Lycopene-family carotenoids confer thermostability on photocomplexes from a new thermophilic purple bacterium.

Blastochloris tepida is a newly described thermophilic purple bacterium containing bacteriochlorophyll b. Using purified light-harvesting 1 reaction center (LH1-RC) core complexes from Blc. tepida, we compared the biochemical, spectroscopic, and thermal denaturation properties of these complexes with those of its mesophilic counterpart, Blc. viridis. Besides their growth temperature optima, a striking difference between the two species was seen in the carotenoid composition of their LH1-RC complexes. The more thermostable Blc. tepida complex contained more carotenoids with longer conjugation lengths (n > 9), such as lycopenes (n = 11), and had a total carotenoid content significantly higher than that of the Blc. viridis complex, irrespective of the light intensity used for growth. The thermostability of LH1-RCs from both Blc. tepida and Blc. viridis decreased significantly in cells grown in the presence of diphenylamine, a compound that inhibits the formation of highly conjugated carotenoids.
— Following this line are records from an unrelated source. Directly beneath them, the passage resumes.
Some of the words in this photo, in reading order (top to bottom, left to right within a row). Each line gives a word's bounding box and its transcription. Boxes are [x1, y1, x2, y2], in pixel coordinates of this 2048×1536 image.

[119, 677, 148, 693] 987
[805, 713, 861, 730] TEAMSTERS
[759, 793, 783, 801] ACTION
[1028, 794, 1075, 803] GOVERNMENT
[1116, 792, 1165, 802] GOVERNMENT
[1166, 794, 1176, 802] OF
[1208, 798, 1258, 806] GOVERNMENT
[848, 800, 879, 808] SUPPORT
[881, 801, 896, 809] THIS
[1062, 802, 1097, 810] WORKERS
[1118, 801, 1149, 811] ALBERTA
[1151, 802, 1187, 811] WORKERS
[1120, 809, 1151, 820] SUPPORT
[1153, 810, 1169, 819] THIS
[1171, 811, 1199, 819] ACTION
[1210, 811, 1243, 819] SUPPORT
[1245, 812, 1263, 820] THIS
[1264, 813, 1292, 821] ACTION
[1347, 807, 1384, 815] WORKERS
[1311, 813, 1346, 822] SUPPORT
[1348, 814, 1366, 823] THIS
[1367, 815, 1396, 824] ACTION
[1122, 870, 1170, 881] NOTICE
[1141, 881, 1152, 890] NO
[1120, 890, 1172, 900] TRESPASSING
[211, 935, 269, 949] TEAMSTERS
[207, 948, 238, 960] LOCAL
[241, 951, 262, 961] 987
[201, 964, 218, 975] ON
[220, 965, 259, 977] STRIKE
In contrast to the thermophilic purple bacterium Thermochromatium tepidum, where Ca2+ is essential for LH1-RC thermostability, Ca2+ neither was present in nor had any effect on the thermostability of the Blc. tepida LH1 RC. These results point to a mechanism that carotenoids with elongated conjugations enhance hydrophobic interactions with proteins in the Blc. tepida LH1-RC, thereby allowing the complexes to withstand thermal denaturation. This conclusion is bolstered by a structural model of the Blc. tepida LH 1-RC and is the first example of photocomplex thermostability being linked to a carotenoid-based mechanism.